(Beginning of Supplied information)

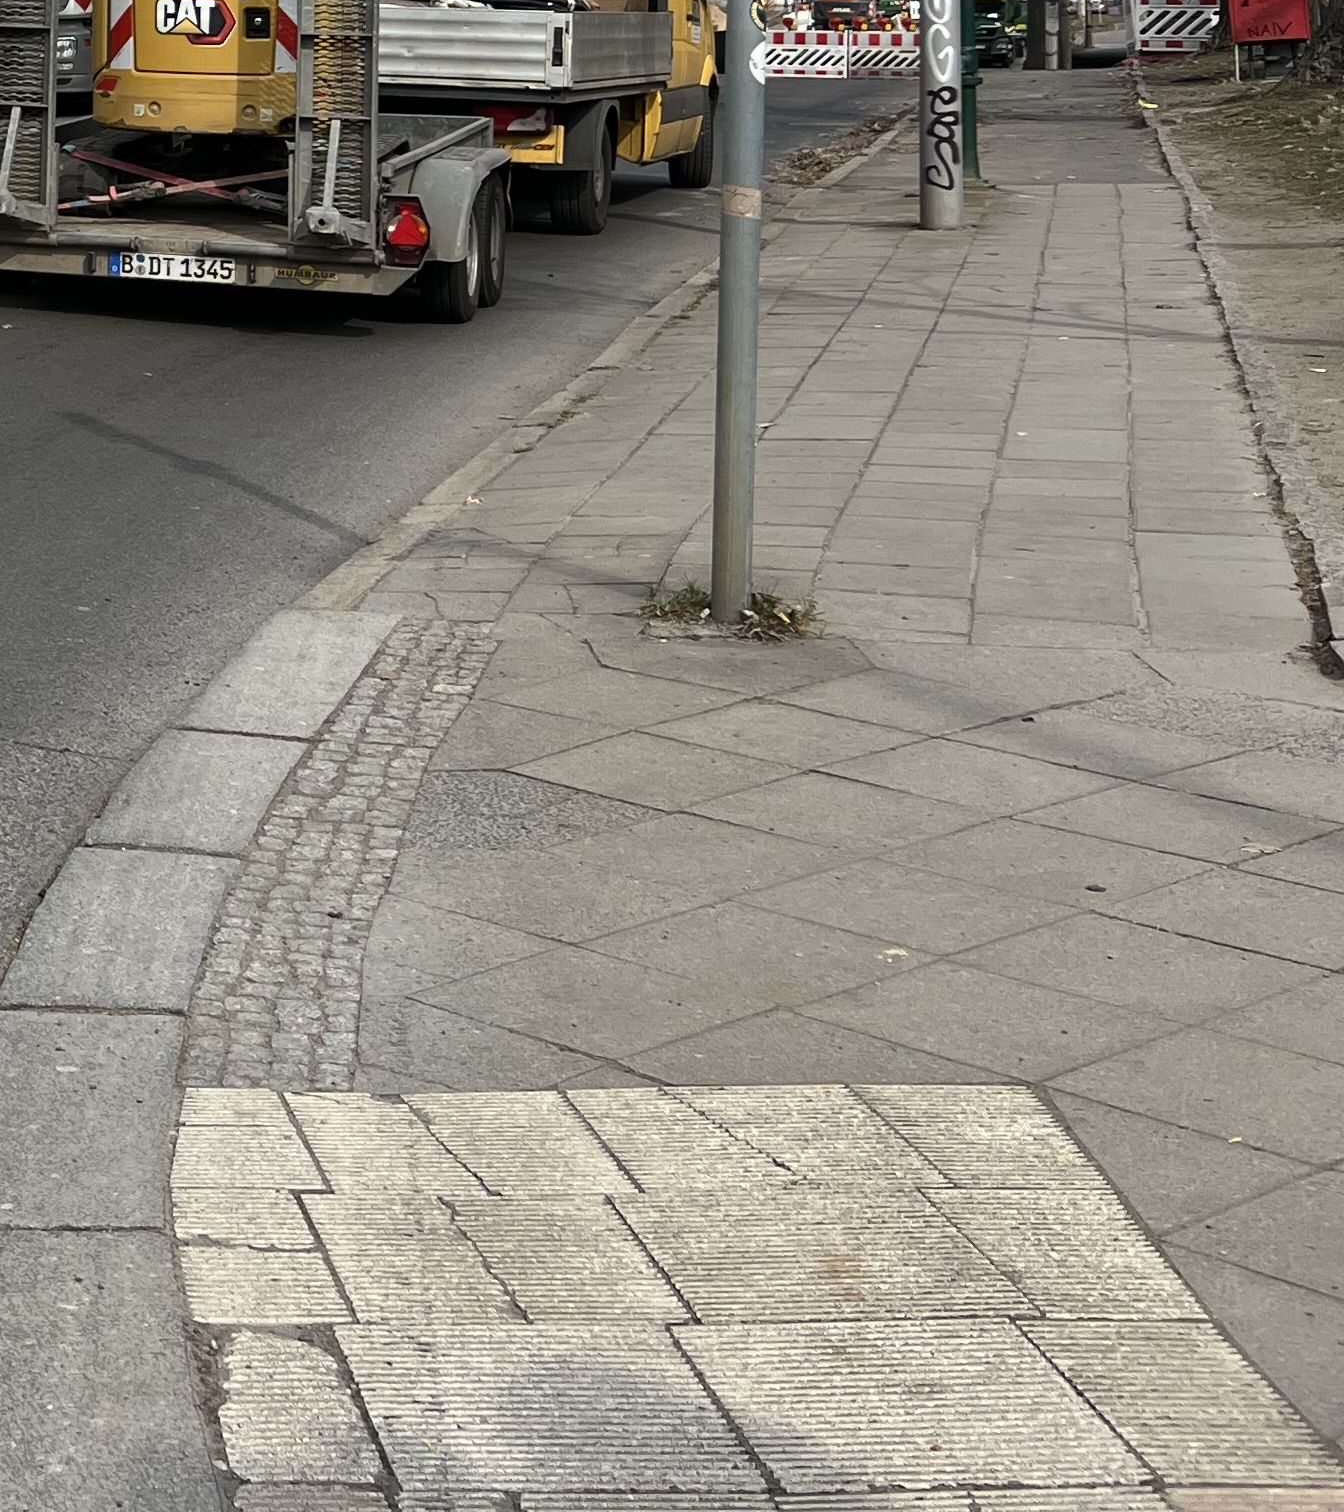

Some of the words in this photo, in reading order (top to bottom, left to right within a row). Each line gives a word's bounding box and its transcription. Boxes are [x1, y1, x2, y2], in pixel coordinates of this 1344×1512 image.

[121, 254, 134, 274] B
[148, 256, 175, 277] DT
[180, 258, 233, 280] 1345
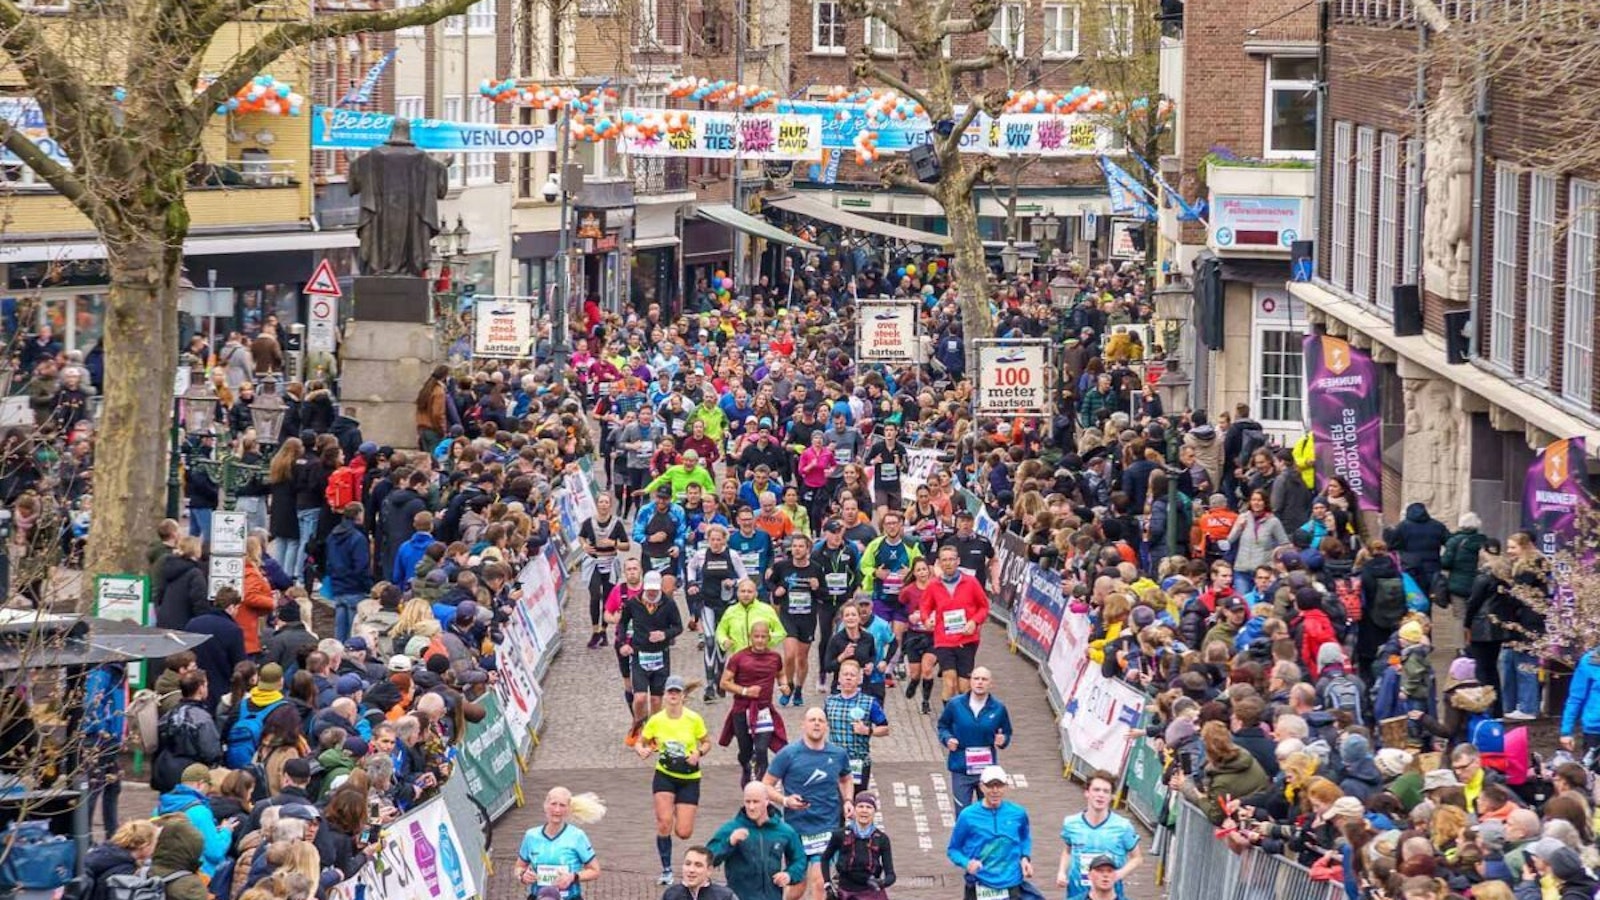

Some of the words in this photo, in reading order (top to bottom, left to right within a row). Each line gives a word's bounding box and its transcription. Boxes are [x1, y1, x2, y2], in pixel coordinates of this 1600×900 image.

[706, 123, 735, 135] HUP!
[741, 119, 772, 131] HUP!
[1007, 122, 1033, 133] HUP!
[1070, 125, 1096, 134] HUP!
[779, 126, 810, 137] HUP!
[460, 129, 544, 146] VENLOOP
[1007, 134, 1031, 146] VIV
[1068, 135, 1096, 145] ANITA
[669, 140, 697, 150] MIJN
[703, 137, 736, 150] TIES
[778, 139, 808, 149] DAVID
[875, 330, 900, 338] steek
[873, 338, 901, 347] plaats
[484, 344, 520, 352] aartsen
[868, 348, 905, 356] aartsen
[995, 368, 1030, 386] 100
[988, 387, 1036, 397] meter
[989, 399, 1034, 407] aartsen
[1536, 490, 1577, 504] NUNNER
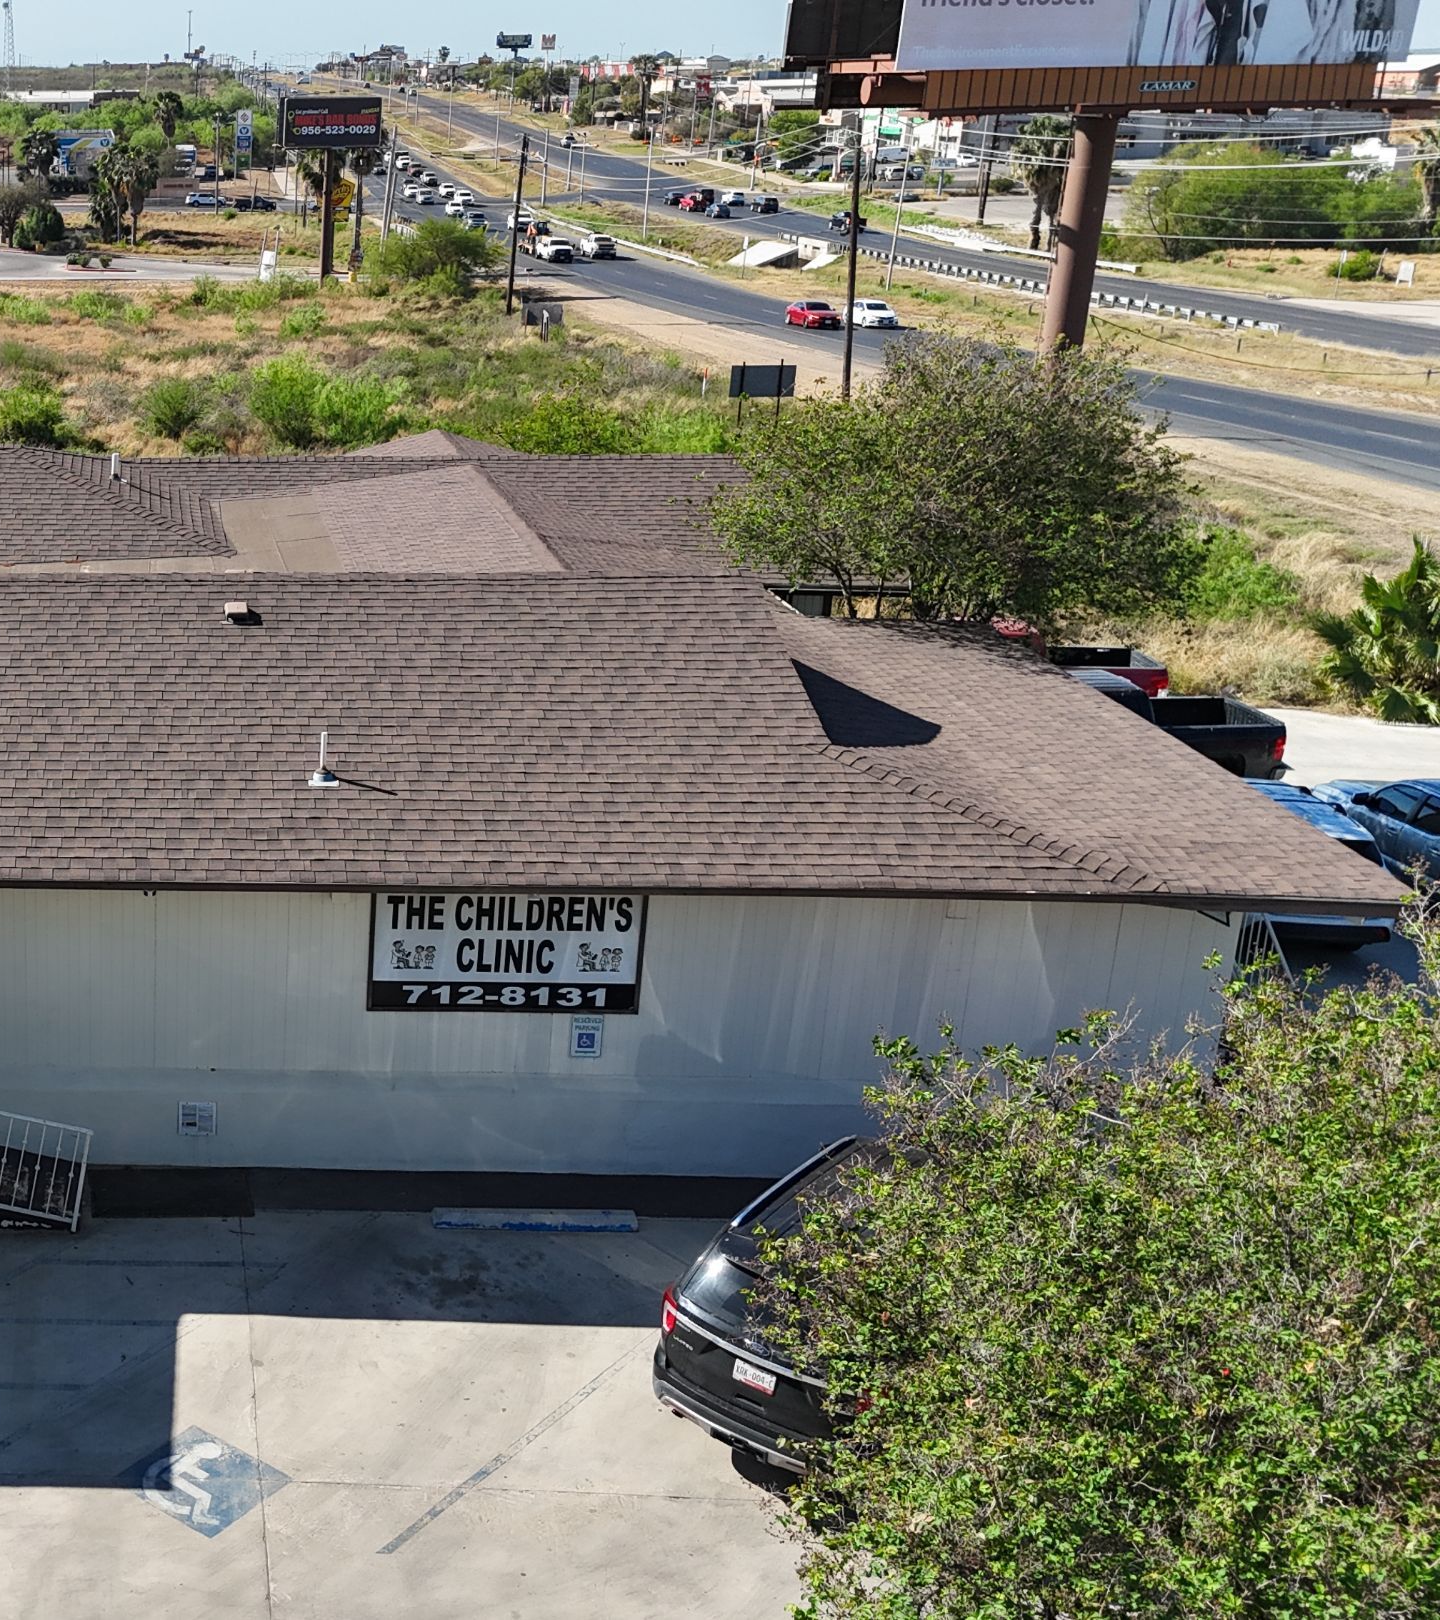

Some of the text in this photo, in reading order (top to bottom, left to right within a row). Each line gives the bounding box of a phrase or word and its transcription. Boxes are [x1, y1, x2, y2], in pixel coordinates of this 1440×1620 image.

[1143, 81, 1192, 91] LAMAR
[301, 125, 376, 135] 956-523-0029
[387, 895, 633, 932] THE CHILDREN'S
[456, 938, 555, 974] CLINIC
[402, 985, 606, 1007] 712-8131

(End of Supplied information)

* _Work instructions_
All the material above should be written out exactly, with images omitted.

* _Response_
Some of the words in this photo, in reading order (top to bottom, left to right within a row). Each line gives a word's bounding box and its transcription. Boxes are [x1, y1, x2, y2], in pixel coordinates of this 1344×1512 image.

[121, 254, 134, 274] B
[148, 256, 175, 277] DT
[180, 258, 233, 280] 1345

Some of the words in this photo, in reading order (top to bottom, left to right within a row). Each line gives a word's bounding box and its transcription. Boxes are [x1, y1, x2, y2], in pixel coordinates of this 1600×900 image.

[706, 123, 735, 135] HUP!
[741, 119, 772, 131] HUP!
[1007, 122, 1033, 133] HUP!
[1070, 125, 1096, 134] HUP!
[779, 126, 810, 137] HUP!
[460, 129, 544, 146] VENLOOP
[1007, 134, 1031, 146] VIV
[1068, 135, 1096, 145] ANITA
[669, 140, 697, 150] MIJN
[703, 137, 736, 150] TIES
[778, 139, 808, 149] DAVID
[875, 330, 900, 338] steek
[873, 338, 901, 347] plaats
[484, 344, 520, 352] aartsen
[868, 348, 905, 356] aartsen
[995, 368, 1030, 386] 100
[988, 387, 1036, 397] meter
[989, 399, 1034, 407] aartsen
[1536, 490, 1577, 504] NUNNER

Some of the text in this photo, in reading order (top to bottom, left to right within a row). Each line gives the bounding box of a phrase or word and its transcription. Boxes are [x1, y1, x2, y2], in pixel coordinates of this 1440×1620 image.

[1143, 81, 1192, 91] LAMAR
[301, 125, 376, 135] 956-523-0029
[387, 895, 633, 932] THE CHILDREN'S
[456, 938, 555, 974] CLINIC
[402, 985, 606, 1007] 712-8131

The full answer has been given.